Recorded data:
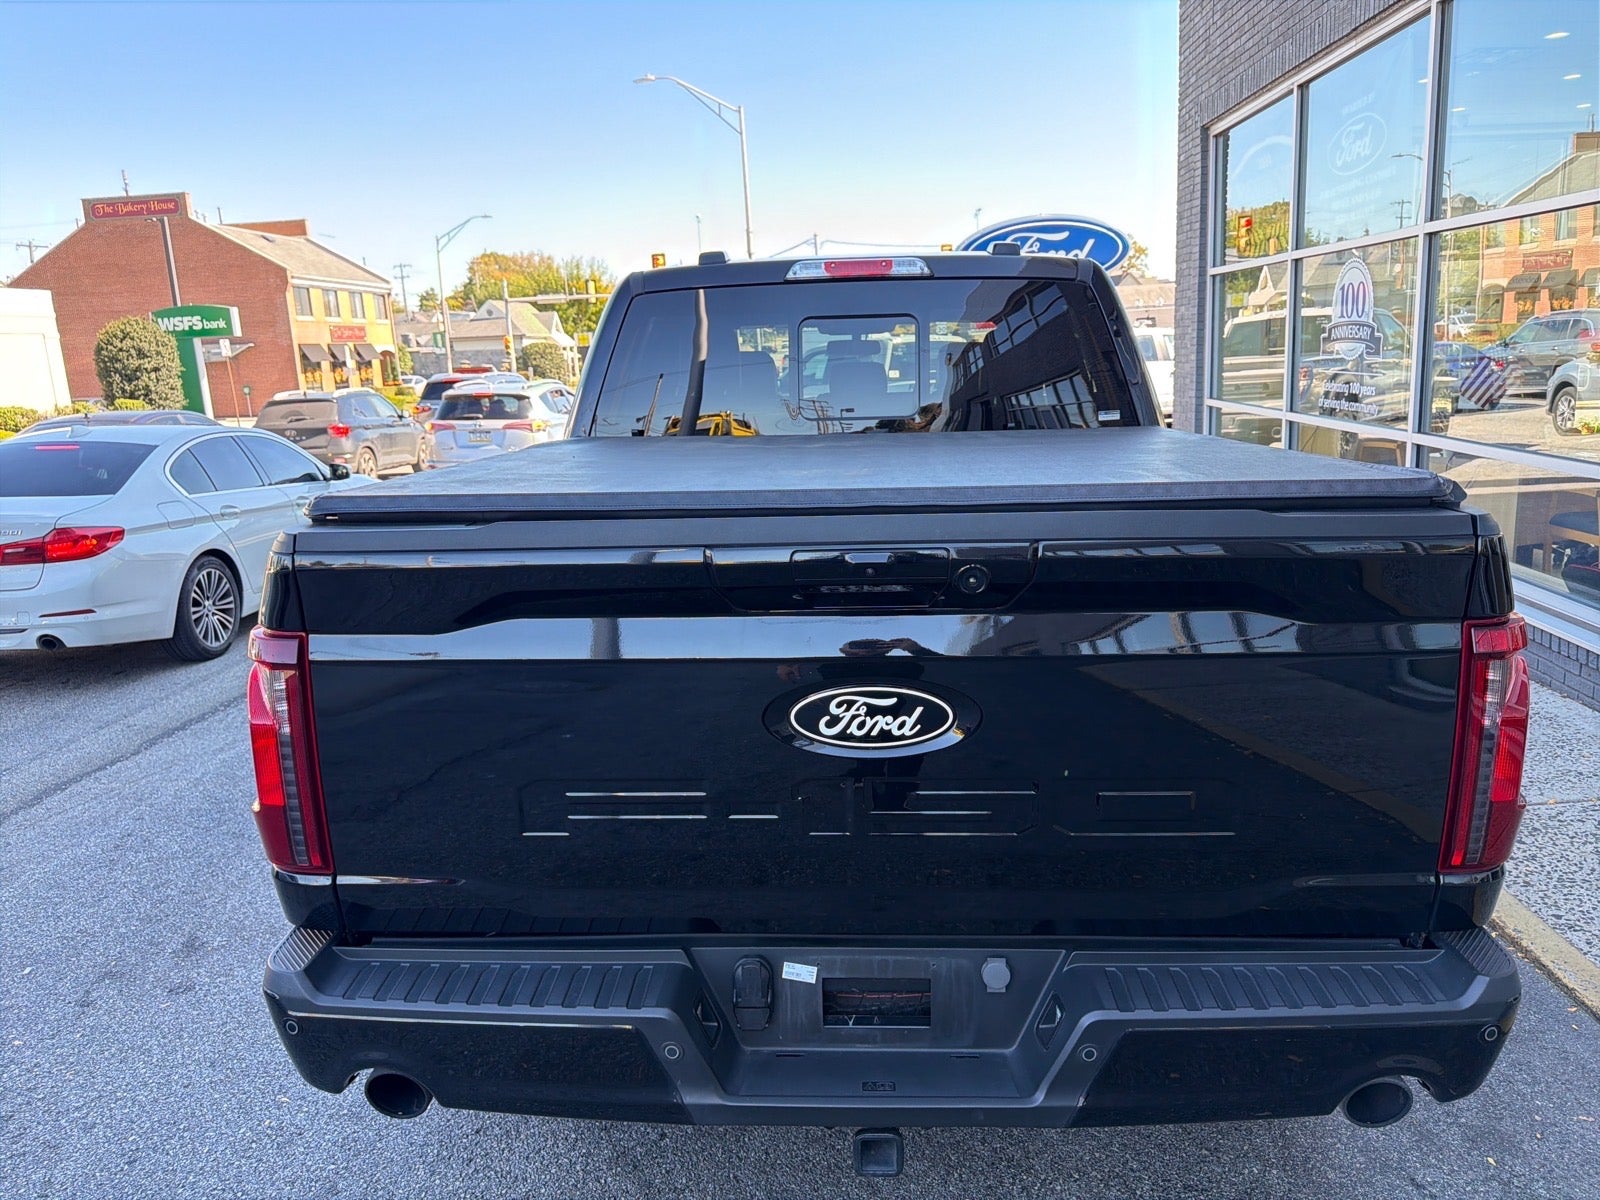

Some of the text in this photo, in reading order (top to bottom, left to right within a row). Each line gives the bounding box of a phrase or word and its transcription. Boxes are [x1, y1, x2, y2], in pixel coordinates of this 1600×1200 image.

[94, 200, 175, 217] The Bakery House
[1338, 280, 1367, 319] 100
[157, 315, 227, 331] WSFS bank
[1330, 325, 1372, 340] ANNIVERSARY
[1349, 382, 1361, 395] 100
[1359, 385, 1376, 398] years
[1349, 401, 1379, 417] community
[818, 695, 924, 737] Ford
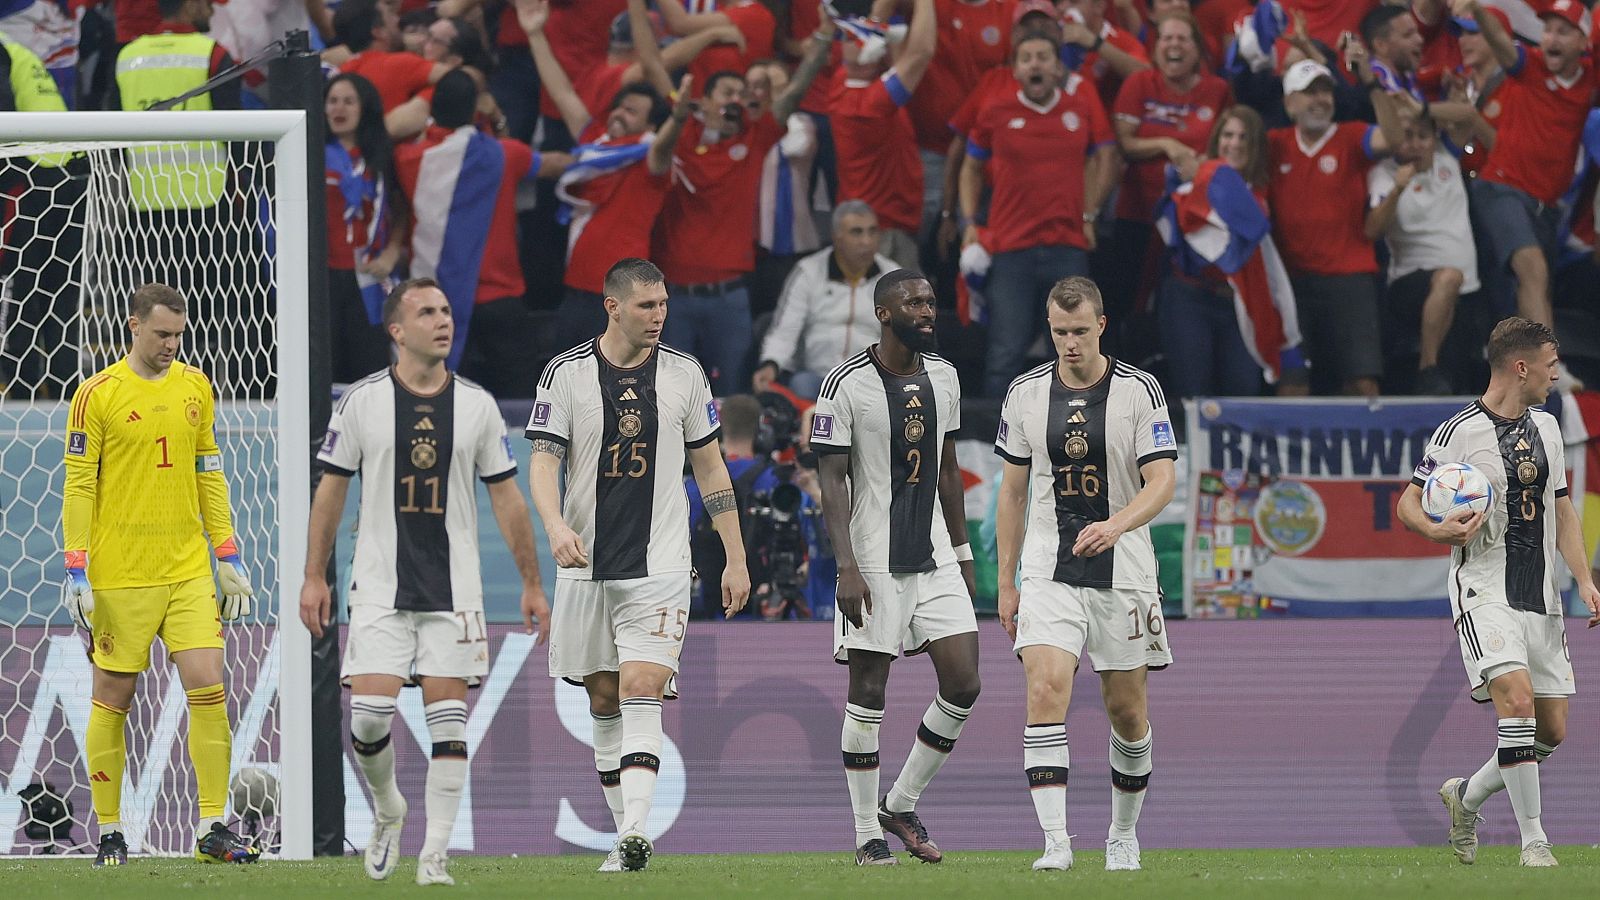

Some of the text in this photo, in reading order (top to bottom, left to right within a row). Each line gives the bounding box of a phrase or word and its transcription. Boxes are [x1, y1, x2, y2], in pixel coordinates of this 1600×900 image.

* **INSTRUCTIONS FOR THE TASK**: Write out each entry exactly, images excluded.

* **ANSWER BOX**:
Some of the text in this photo, in reading order (top to bottom, left to right within a row). Each line gives the bounding box of a phrase or word and its transcription. Boxes are [x1, y1, x2, y2], in pixel coordinates of this 1600×1200 image.

[94, 200, 175, 217] The Bakery House
[1338, 280, 1367, 319] 100
[157, 315, 227, 331] WSFS bank
[1330, 325, 1372, 340] ANNIVERSARY
[1349, 382, 1361, 395] 100
[1359, 385, 1376, 398] years
[1349, 401, 1379, 417] community
[818, 695, 924, 737] Ford

Some of the text in this photo, in reading order (top to bottom, left to right within a row). Each line gives the bounding box of a phrase or word and its transcription. Boxes are [x1, y1, x2, y2], in pixel coordinates of this 1600×900 image.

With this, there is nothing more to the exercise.